I never said “You will not die” was a threat. I said in post 13 just above your post that “You shall not die” was a lie.

-Tim-


#16

You misunderstand, my comment was less involving your personal view and more addressing what you were actually saying, that is, Hahn and Cavins believe there was some physical threat to Adam and Eve from Satan. Now, I have heard it directly from Cavins (most likely Hahn, too, but I cannot recall with absolute certainty) that the line “you will not die” was a threat.

However, I am now curious as to why you believe Satan would have physically killed Adam and Eve if they did not eat of the forbidden fruit (your #9 comment). Apart from the possible threat theory that you seem to be distancing yourself from, the only other thing I read in this discussion is that Satan could have killed them so therefore he would have.


#17

I see it in the unity of Scripture. One example out of many is Hebrews 2:14 which says that the devil has “the power of death.”

I see it in the allegorical sense of scripture. It points directly to the resurrection of Christ.
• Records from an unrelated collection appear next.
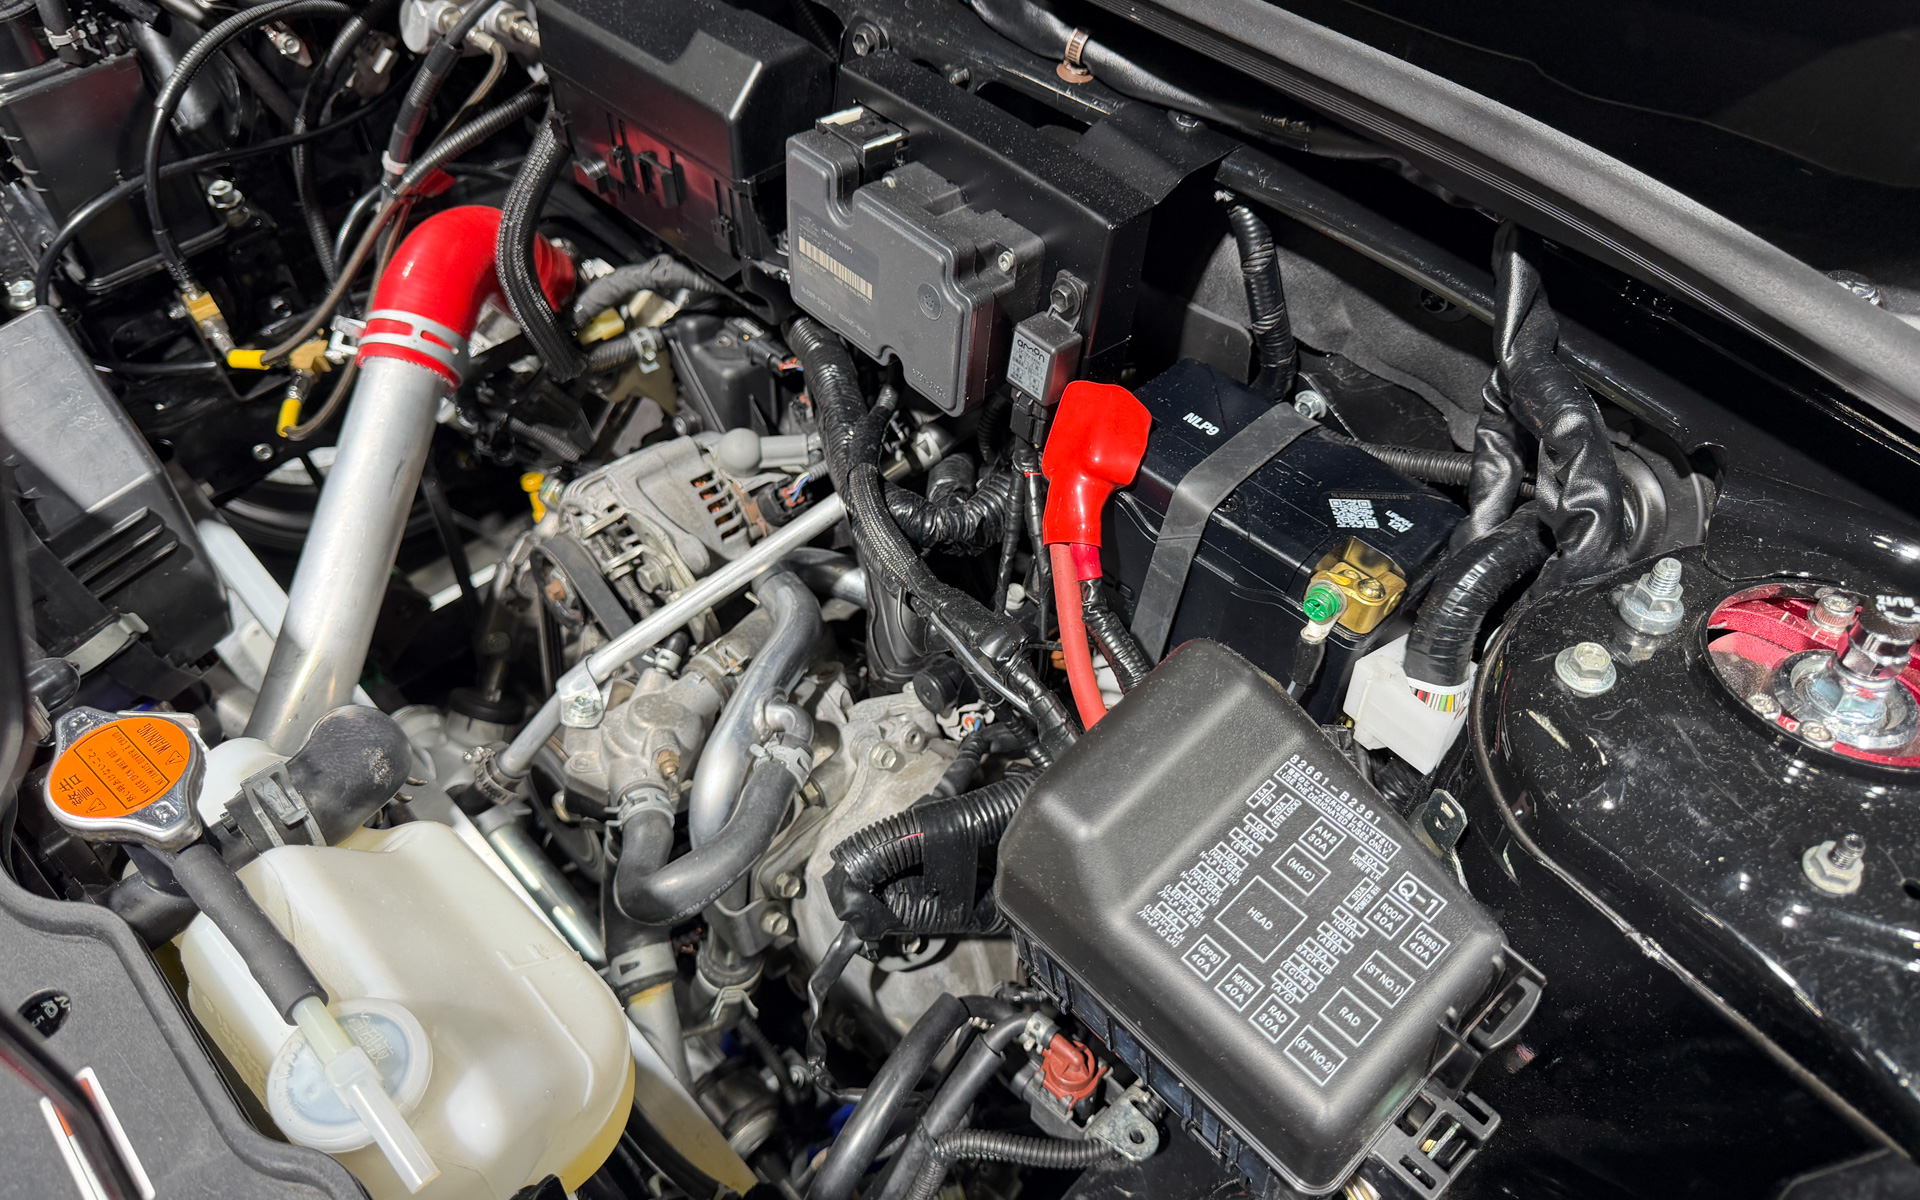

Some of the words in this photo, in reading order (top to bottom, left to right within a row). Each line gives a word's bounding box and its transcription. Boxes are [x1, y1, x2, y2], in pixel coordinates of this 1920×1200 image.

[1017, 339, 1046, 363] amon
[1183, 411, 1219, 437] NLP9
[1388, 518, 1411, 533] 12V
[136, 723, 172, 755] WARNING
[114, 756, 128, 770] WHEN
[124, 768, 139, 781] OPEN
[59, 774, 95, 807] 警告
[134, 779, 151, 794] NEVER
[1254, 787, 1269, 800] 15A
[1289, 753, 1381, 825] 82661-B2361
[1261, 792, 1276, 807] EFI
[1271, 801, 1286, 814] 20A
[1270, 814, 1286, 829] (STR
[1283, 798, 1302, 817] LOCK)
[1294, 781, 1309, 795] THE
[1306, 791, 1348, 825] DESIGNATED
[1346, 821, 1369, 841] FUSES
[1367, 838, 1388, 857] ONLY.
[1242, 823, 1265, 841] STOP
[1251, 820, 1267, 835] 10A
[1313, 825, 1337, 844] AM2
[1230, 839, 1249, 856] (ST)
[1235, 833, 1254, 850] 7.5A
[1307, 833, 1327, 852] 30A
[1207, 848, 1242, 878] (HALOGEN
[1222, 849, 1238, 864] 10A
[1361, 853, 1378, 869] 30A
[1198, 850, 1217, 865] H-LP
[1215, 863, 1227, 875] LO
[1224, 872, 1239, 886] RH)
[1202, 869, 1220, 884] 10A
[1286, 856, 1315, 882] (MGC)
[1348, 853, 1371, 874] POWER
[1369, 870, 1381, 882] LH
[1179, 870, 1198, 886] H-LP
[1195, 884, 1207, 895] LO
[1205, 892, 1219, 906] LH)
[1188, 867, 1222, 898] (HALOGEN
[1183, 888, 1201, 904] 15A
[1351, 886, 1366, 900] 30A
[1353, 893, 1373, 913] POWER
[1369, 885, 1381, 896] RH
[1397, 879, 1438, 915] Q-1
[1162, 909, 1181, 925] 15A
[1176, 905, 1188, 916] LO
[1186, 913, 1201, 927] RH)
[1246, 906, 1273, 930] HEAD
[1340, 913, 1360, 930] 10A
[1372, 911, 1393, 931] 30A
[1379, 902, 1404, 921] ROOF
[1155, 925, 1168, 937] LO
[1164, 934, 1180, 948] LH)
[1325, 929, 1344, 945] 30A
[1331, 917, 1357, 939] HORN
[1316, 932, 1342, 955] (ABS)
[1409, 941, 1430, 960] 40A
[1414, 930, 1441, 953] (ABS)
[1190, 953, 1210, 972] 40A
[1197, 942, 1221, 964] (EPS)
[1294, 943, 1319, 966] BACK
[1318, 962, 1332, 975] UP
[1310, 945, 1329, 961] 15A
[1297, 963, 1310, 976] 5A
[1363, 961, 1382, 977] (ST
[1377, 972, 1404, 997] NO.1)
[1224, 983, 1244, 1002] 40A
[1231, 972, 1254, 994] HEATER
[1270, 981, 1296, 1004] (A/C)
[1280, 977, 1299, 994] 10A
[1257, 1012, 1279, 1034] 30A
[1267, 1004, 1287, 1023] RAD
[1338, 1005, 1361, 1026] RAD
[1294, 1036, 1314, 1053] (ST
[1309, 1049, 1335, 1074] NO.2)
I wish I could offer you more.

-Tim-


#18

I really doubt God would have allowed Satan to kill them if they refused to eat, remember EVERYTHING that Satan does, he does only because God ALLOWS it, God obviously allowed Satan to come up to them in the garden and tempt them, Satan cannot act on his own.


#19

This is very much possible, but Adam might have failed to have faith in this.

Christ was likewise tempted in another garden, and he cried out to God three times. Adam cried out to God zero times. Satan, as an angel, possesses enormously more strength than man was given. Therefore, without God’s aid, Satan had the indisputable upper hand over Adam & Eve. Adam had only encountered God, himself, his wife, and the animals up until his encounter with the Serpent. He encountered something that was not like God, and not like him, and yet possessed a terrible intellect.


#20

Please provide the proper citation, link, book, page number, publication title and publisher for this statement which appears in your post 13 above.